Bank Dunia sebut 60 persen warga RI miskin, BPS ungkap ada perbedaan penghitungan data kemiskinan.

Istimewa
DATA MISKIN INDONESIA - Logo BPS. Berikut penjelasan BPS soal Bank Dunia sebut 60 persen wagrga RI miskin (Istimewa) 

TRIBUNKALTIM.CO - Bank Dunia sebut 60 persen warga RI miskin, BPS ungkap ada perbedaan penghitungan data kemiskinan.

Kepala Badan Pusat Statistik (BPS) Amalia Adininggar Widyasanti menilai standar kemiskinan Indonesia berdasarkan laporan Bank Dunia hanya sebagai rujukan saja. 

Menurut dia, laporan Bank Dunia itu bukan suatu keharusan untuk diterapkan di Indonesia.

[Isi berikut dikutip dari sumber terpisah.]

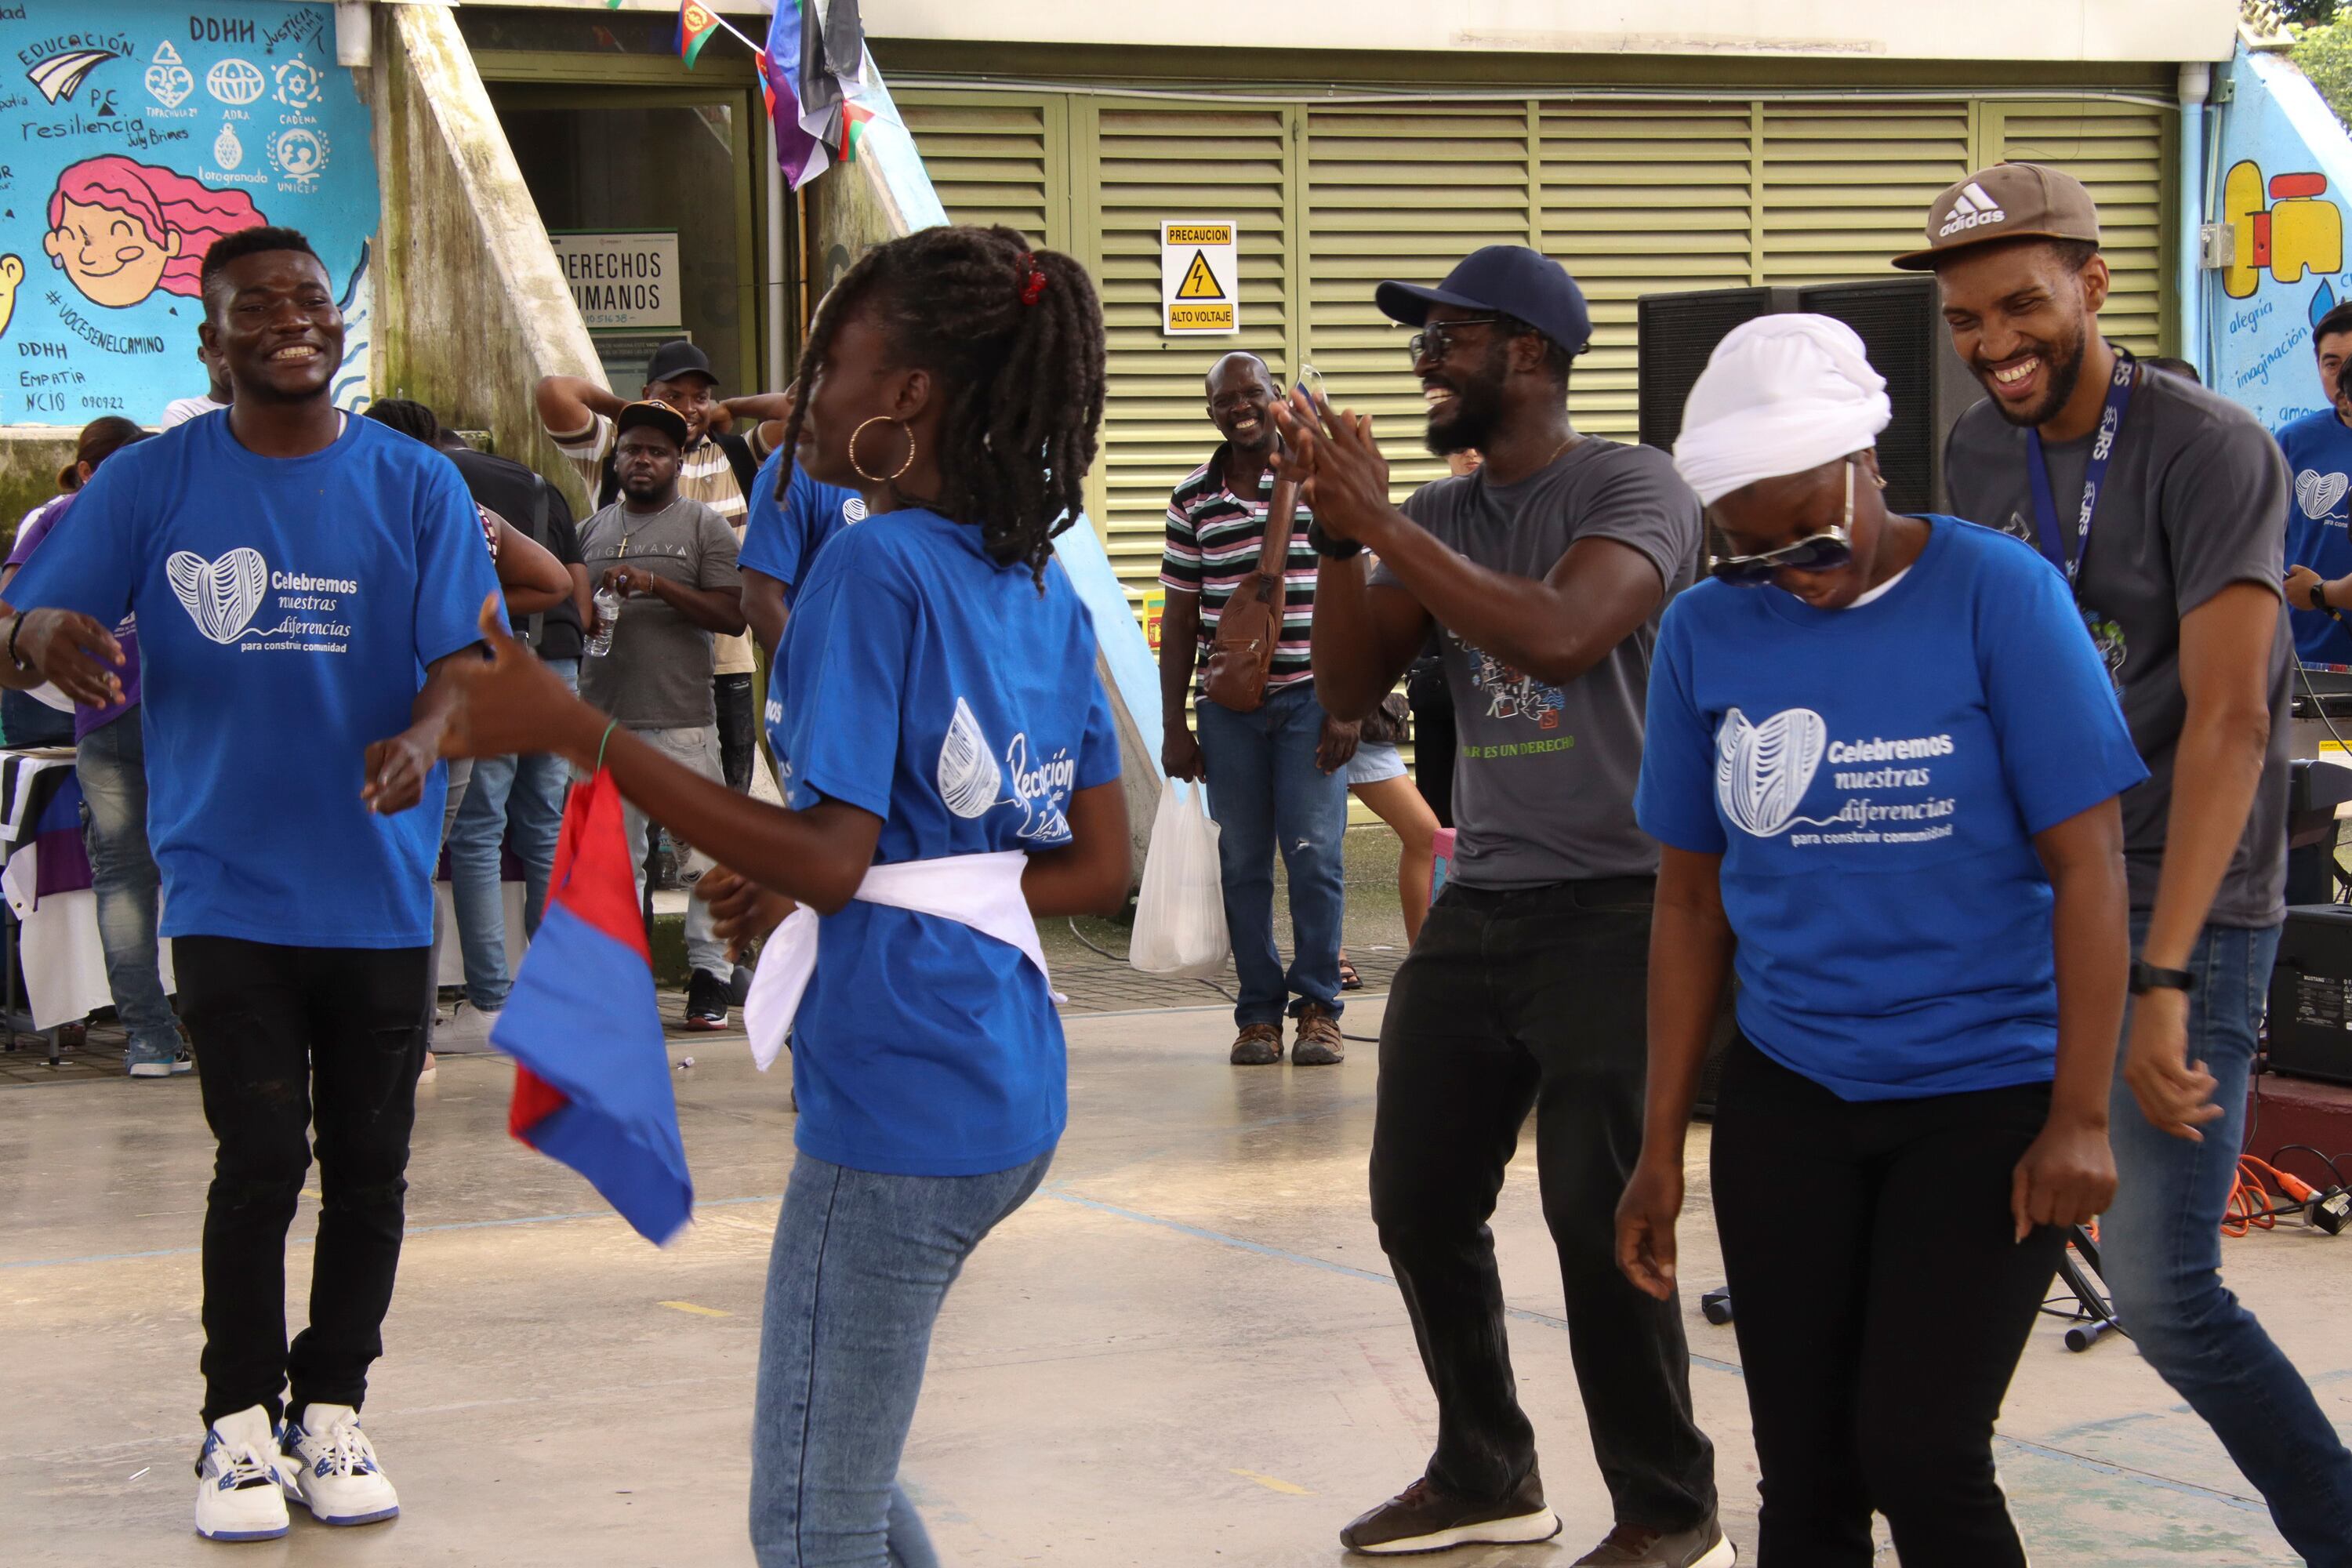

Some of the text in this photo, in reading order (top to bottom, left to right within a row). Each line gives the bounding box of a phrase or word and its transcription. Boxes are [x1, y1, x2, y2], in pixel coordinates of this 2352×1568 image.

[191, 16, 255, 43] DDHH
[17, 33, 134, 66] EDUCACIÓN
[223, 110, 250, 120] ADRA
[279, 114, 317, 124] CADENA
[22, 114, 144, 141] resiliencia
[128, 132, 147, 149] July
[278, 182, 318, 194] UNICEF
[1170, 230, 1228, 241] PRECAUCION
[1939, 210, 2005, 238] adidas
[571, 285, 660, 310] UMANOS
[45, 290, 164, 354] #VOCESENELCAMINO
[1171, 311, 1231, 322] ALTO VOLTAJE
[2229, 298, 2273, 333] alegría
[18, 342, 67, 360] DDHH
[2236, 326, 2307, 389] imaginación
[2092, 427, 2115, 461] JRS
[2078, 501, 2092, 536] JRS
[271, 571, 358, 594] Celebremos
[278, 595, 337, 612] nuestras
[241, 641, 347, 653] para construir comunidad
[1484, 746, 1497, 758] ES
[1501, 744, 1518, 757] UN
[1520, 735, 1575, 754] DERECHO
[1828, 734, 1955, 764] Celebremos
[1834, 767, 1930, 789] nuestras
[1790, 823, 1953, 848] para construir comunidad

"Mari kita lebih bijak untuk memaknai dan memahami angka kemiskinan yang dikeluarkan oleh Bank Dunia, karena itu bukanlah suatu keharusan kita menerapkan, tetapi memang itu hanya sebagai referensi saja," kata Amalia di Kompleks Istana, Jakarta, Rabu (30/4/2025).

Baca juga: Data BPS Penduduk Balikpapan Capai 1 Juta Jiwa, Disdukcapil Fokus Data Warga Non Permanen

Adapun Bank Dunia mencatat ada 60,3 persen warga Indonesia yang masuk kategori miskin.

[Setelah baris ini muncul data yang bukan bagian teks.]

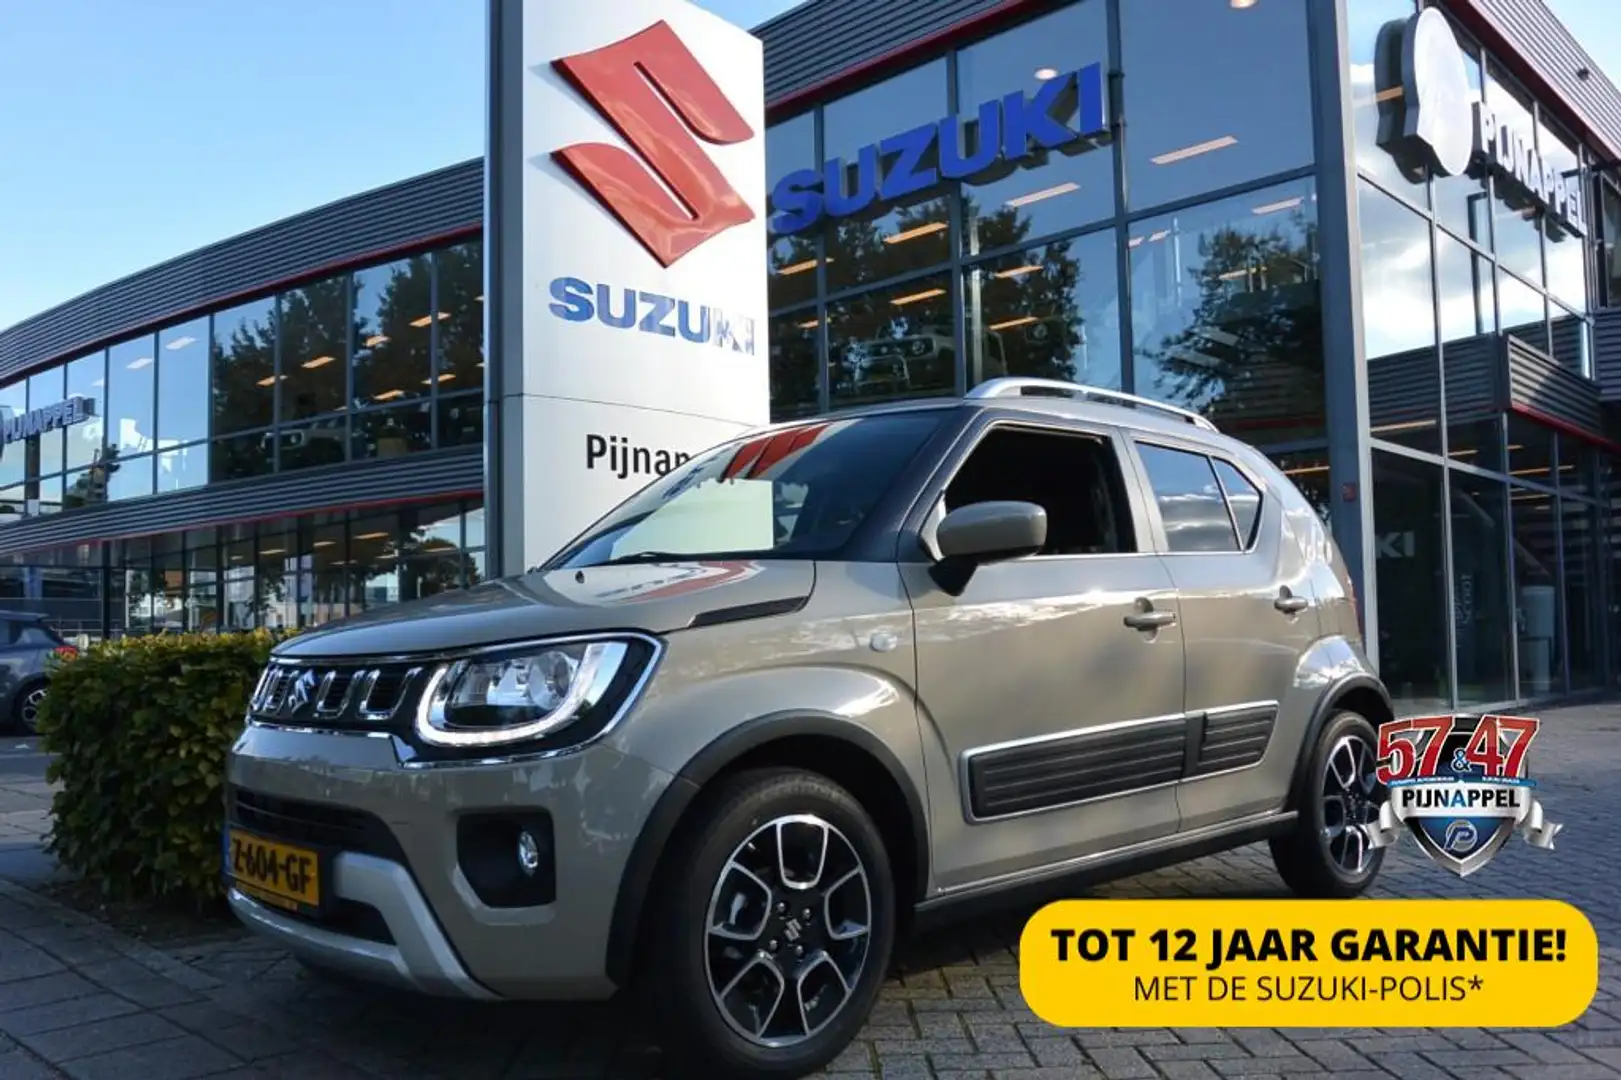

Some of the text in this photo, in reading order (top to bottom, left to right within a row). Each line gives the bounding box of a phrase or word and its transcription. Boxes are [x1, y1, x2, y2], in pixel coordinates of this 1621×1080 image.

[769, 62, 1103, 235] SUZUKI
[1477, 101, 1588, 237] PIJNAPPEL
[548, 276, 756, 356] SUZUKI
[232, 837, 313, 895] Z-604-GF

Amalia menjelaskan, standar yang dilakukan Bank Dunia adalah dengan standar upper middle class.

DATA MISKIN INDONESIA - Logo BPS. Berikut penjelasan BPS soal Bank Dunia sebut 60 persen wagrga RI miskin (Istimewa)
DATA MISKIN INDONESIA - Logo BPS. Berikut penjelasan BPS soal Bank Dunia sebut 60 persen wagrga RI miskin (Istimewa) (Istimewa)

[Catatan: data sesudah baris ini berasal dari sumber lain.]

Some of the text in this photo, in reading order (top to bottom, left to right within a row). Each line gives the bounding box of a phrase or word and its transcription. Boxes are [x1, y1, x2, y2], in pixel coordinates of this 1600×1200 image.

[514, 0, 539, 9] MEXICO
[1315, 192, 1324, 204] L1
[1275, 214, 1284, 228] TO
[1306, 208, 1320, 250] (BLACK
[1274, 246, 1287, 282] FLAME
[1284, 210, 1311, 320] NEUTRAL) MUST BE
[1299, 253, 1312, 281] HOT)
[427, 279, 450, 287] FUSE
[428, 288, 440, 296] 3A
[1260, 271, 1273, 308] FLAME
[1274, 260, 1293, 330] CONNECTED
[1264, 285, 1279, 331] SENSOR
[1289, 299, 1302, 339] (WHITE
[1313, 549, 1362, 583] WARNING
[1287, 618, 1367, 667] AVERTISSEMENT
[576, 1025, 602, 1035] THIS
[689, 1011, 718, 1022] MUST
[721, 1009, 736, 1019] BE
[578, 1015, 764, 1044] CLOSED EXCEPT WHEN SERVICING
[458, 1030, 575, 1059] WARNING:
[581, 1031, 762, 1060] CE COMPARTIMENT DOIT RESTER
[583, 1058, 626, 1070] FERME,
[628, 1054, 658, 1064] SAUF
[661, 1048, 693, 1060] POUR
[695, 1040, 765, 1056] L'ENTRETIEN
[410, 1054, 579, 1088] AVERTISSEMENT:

Kedua, Bank Dunia sendiri juga menyampaikan global poverty line yang ditetapkan tidak harus diterapkan oleh masing-masing negara.

Sebab, masing-masing negara harus bisa memiliki national poverty line atau garis kemiskinan di negaranya masing-masing sesuai dengan keunikan maupun karakteristik dari negara tersebut.

"Sehingga dengan demikian, apabila Bapak Ibu perhatikan lebih detail, selain poverty line atau garis kemiskinan standar Bank Dunia, banyak negara yang memiliki garis kemiskinan di masing-masing wilayahnya yang dihitung sendiri berdasarkan keunikan dan standar hidupnya," ujarnya.

Selain itu, Amalia juga menjelaskan garis kemiskinan di Indonesia berbeda-beda tiap provinsi.

"Sehingga, waktu kita menghitung angka kemiskinan, basisnya bukan national poverty line, tetapi angka kemiskinan di masing-masing provinsi yang kemudian kita agregasikan menjadi angka nasional," jelasnya.

Sebelumnya, Bank Dunia mengungkapkan, lebih dari separuh penduduk Indonesia masih tergolong miskin jika dihitung menggunakan standar negara berpendapatan menengah ke atas.

Dalam laporan Macro Poverty Outlook edisi April 2025, Bank Dunia mencatat bahwa 60,3 persen penduduk Indonesia pada 2024 hidup dengan pengeluaran kurang dari 6,85 dollar AS per kapita per hari dalam Purchasing Power Parity (PPP) 2017.

Untuk diketahui, Bank Dunia menetapkan ambang batas kemiskinan negara berpendapatan menengah ke atas dengan pengeluaran sebesar 6,85 dollar AS per kapita per hari.

Adapun kurs yang digunakan Bank Dunia adalah kurs PPP (Purchasing Power Parity) tahun 2017, yang berarti sekitar Rp 41.052 dengan asumsi Rp 5.993,03 per dollar AS.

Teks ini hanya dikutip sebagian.